*Work order*. No images, please. Copy each entry below exactly as it reads.

*Task input*.
=-=-=
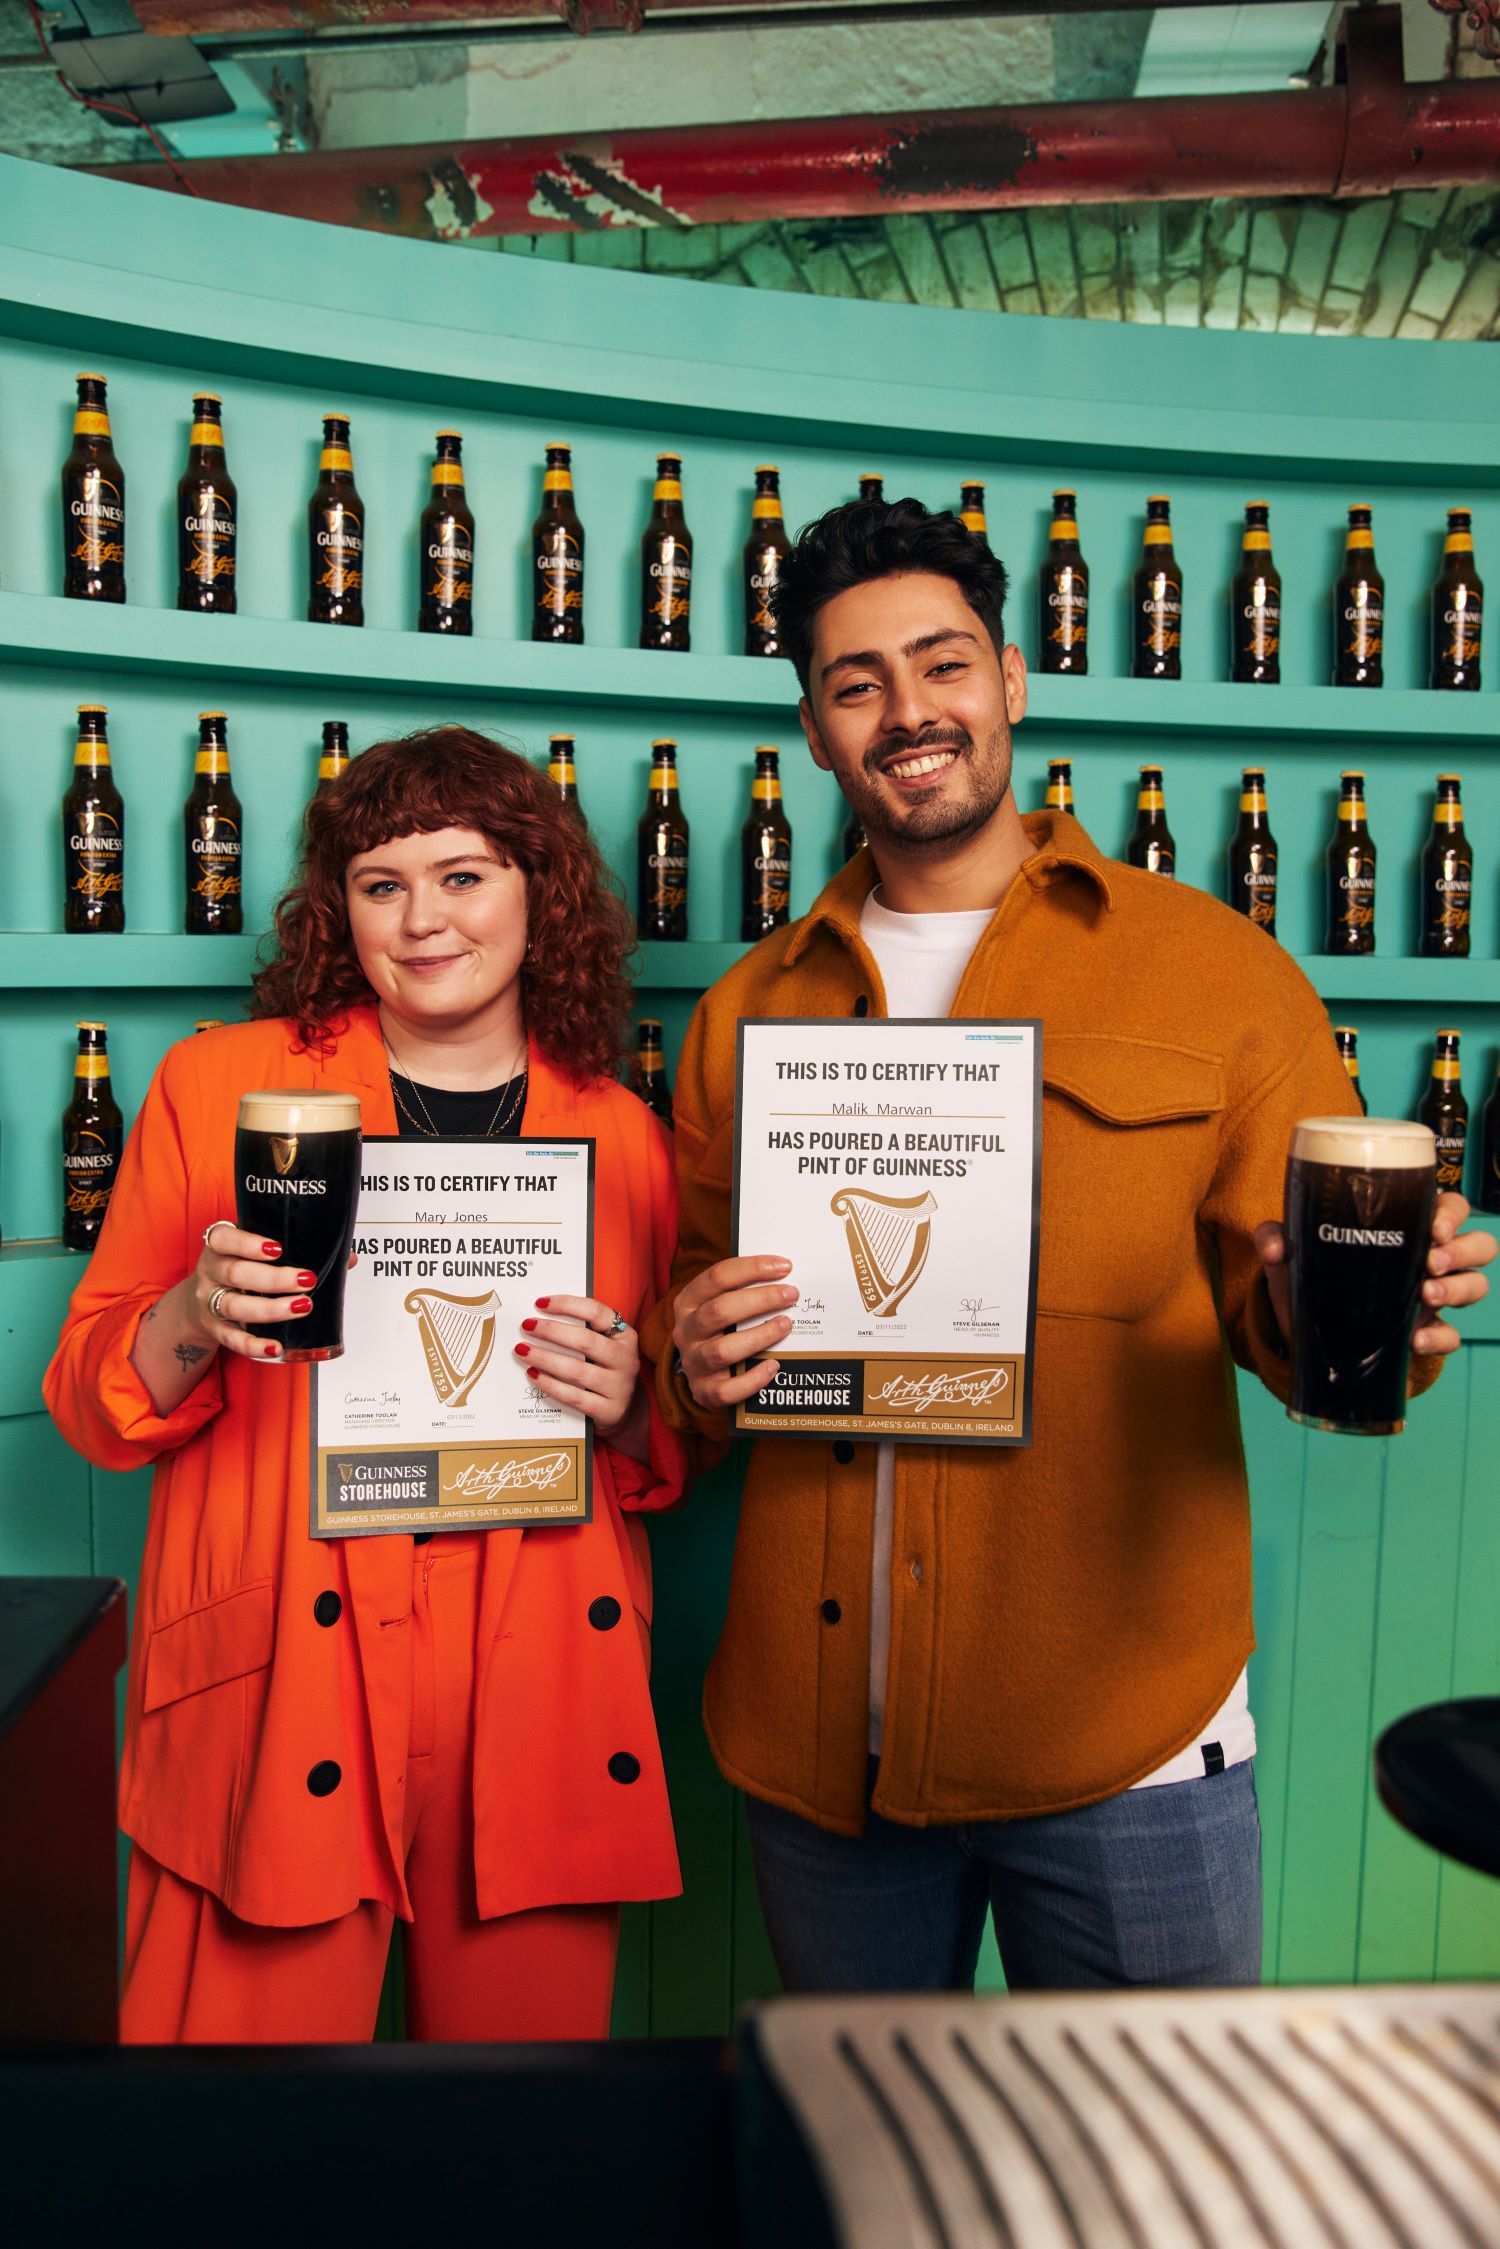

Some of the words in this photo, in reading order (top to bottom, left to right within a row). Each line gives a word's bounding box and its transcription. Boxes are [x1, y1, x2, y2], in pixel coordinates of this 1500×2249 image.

[776, 1062, 817, 1080] THIS
[822, 1062, 839, 1080] IS
[844, 1063, 867, 1080] TO
[872, 1063, 948, 1081] CERTIFY
[953, 1064, 1000, 1081] THAT
[832, 1103, 868, 1115] Malik
[877, 1103, 932, 1116] Marwan
[768, 1131, 804, 1149] HAS
[809, 1132, 882, 1150] POURED
[888, 1133, 900, 1151] A
[904, 1134, 1005, 1152] BEAUTIFUL
[798, 1157, 840, 1174] PINT
[845, 1157, 868, 1175] OF
[246, 1174, 327, 1195] GUINNESS
[360, 1175, 389, 1191] HIS
[394, 1175, 410, 1191] IS
[414, 1175, 436, 1191] TO
[440, 1175, 510, 1191] CERTIFY
[514, 1175, 557, 1191] THAT
[415, 1211, 446, 1224] Mary
[454, 1211, 488, 1223] Jones
[1318, 1223, 1404, 1247] GUINNESS
[384, 1238, 451, 1254] POURED
[456, 1238, 467, 1254] A
[472, 1238, 562, 1255] BEAUTIFUL
[373, 1261, 412, 1277] PINT
[417, 1261, 438, 1277] OF
[860, 1277, 876, 1301] 1759
[432, 1368, 448, 1392] 1759
[775, 1372, 852, 1386] GUINNESS
[758, 1389, 851, 1405] STOREHOUSE
[744, 1417, 788, 1426] GUINNESS
[790, 1418, 850, 1427] STOREHOUSE,
[866, 1420, 902, 1428] JAMES'S
[904, 1421, 928, 1430] GATE,
[931, 1422, 964, 1430] DUBLIN
[975, 1423, 1014, 1432] IRELAND
[355, 1465, 427, 1480] GUINNESS
[340, 1482, 427, 1501] STOREHOUSE
[326, 1515, 368, 1524] GUINNESS
[370, 1512, 427, 1522] STOREHOUSE,
[429, 1511, 440, 1519] ST.
[442, 1509, 475, 1518] JAMES'S
[477, 1508, 500, 1517] GATE,
[502, 1507, 531, 1515] DUBLIN
[542, 1505, 578, 1513] IRELAND
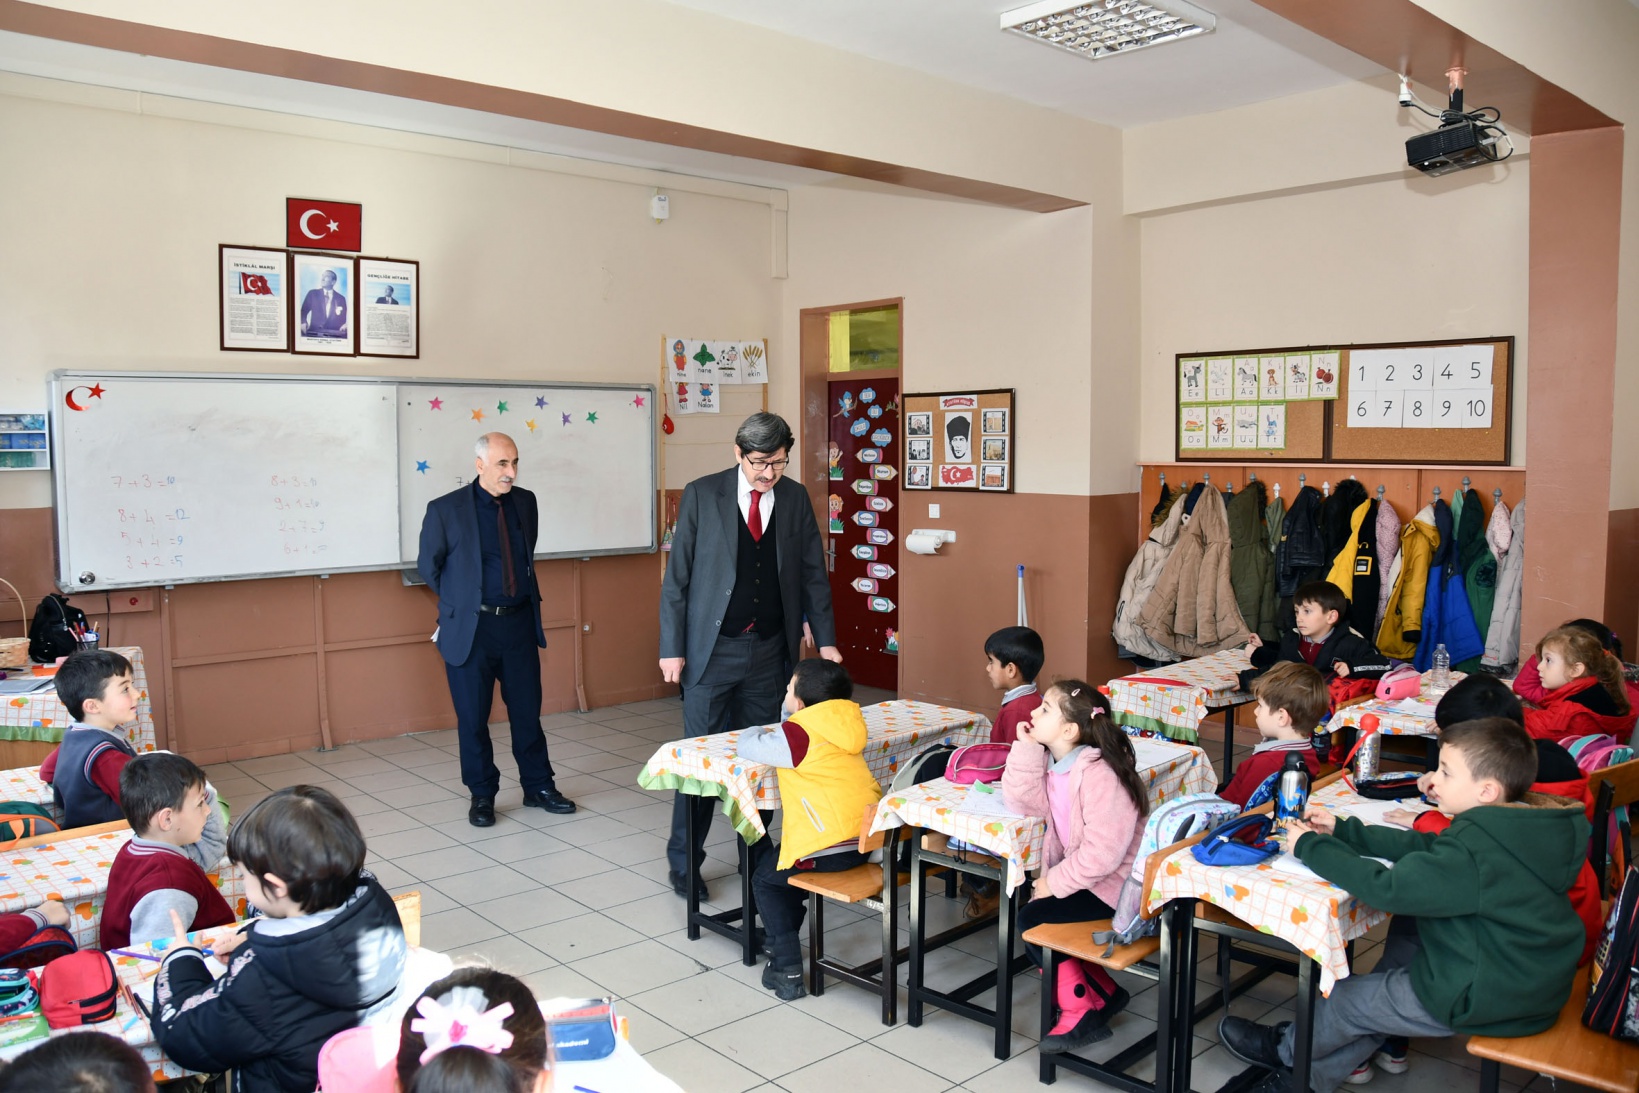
=-=-=
*Reply*.
Some of the words in this photo, in reading order (top to bottom, left to right within a row). Each line gives a word's bounding box and its transcription. Boxes are [x1, y1, x2, y2], in pixel coordinates of this 1500×2249 image.

[776, 1062, 817, 1080] THIS
[822, 1062, 839, 1080] IS
[844, 1063, 867, 1080] TO
[872, 1063, 948, 1081] CERTIFY
[953, 1064, 1000, 1081] THAT
[832, 1103, 868, 1115] Malik
[877, 1103, 932, 1116] Marwan
[768, 1131, 804, 1149] HAS
[809, 1132, 882, 1150] POURED
[888, 1133, 900, 1151] A
[904, 1134, 1005, 1152] BEAUTIFUL
[798, 1157, 840, 1174] PINT
[845, 1157, 868, 1175] OF
[246, 1174, 327, 1195] GUINNESS
[360, 1175, 389, 1191] HIS
[394, 1175, 410, 1191] IS
[414, 1175, 436, 1191] TO
[440, 1175, 510, 1191] CERTIFY
[514, 1175, 557, 1191] THAT
[415, 1211, 446, 1224] Mary
[454, 1211, 488, 1223] Jones
[1318, 1223, 1404, 1247] GUINNESS
[384, 1238, 451, 1254] POURED
[456, 1238, 467, 1254] A
[472, 1238, 562, 1255] BEAUTIFUL
[373, 1261, 412, 1277] PINT
[417, 1261, 438, 1277] OF
[860, 1277, 876, 1301] 1759
[432, 1368, 448, 1392] 1759
[775, 1372, 852, 1386] GUINNESS
[758, 1389, 851, 1405] STOREHOUSE
[744, 1417, 788, 1426] GUINNESS
[790, 1418, 850, 1427] STOREHOUSE,
[866, 1420, 902, 1428] JAMES'S
[904, 1421, 928, 1430] GATE,
[931, 1422, 964, 1430] DUBLIN
[975, 1423, 1014, 1432] IRELAND
[355, 1465, 427, 1480] GUINNESS
[340, 1482, 427, 1501] STOREHOUSE
[326, 1515, 368, 1524] GUINNESS
[370, 1512, 427, 1522] STOREHOUSE,
[429, 1511, 440, 1519] ST.
[442, 1509, 475, 1518] JAMES'S
[477, 1508, 500, 1517] GATE,
[502, 1507, 531, 1515] DUBLIN
[542, 1505, 578, 1513] IRELAND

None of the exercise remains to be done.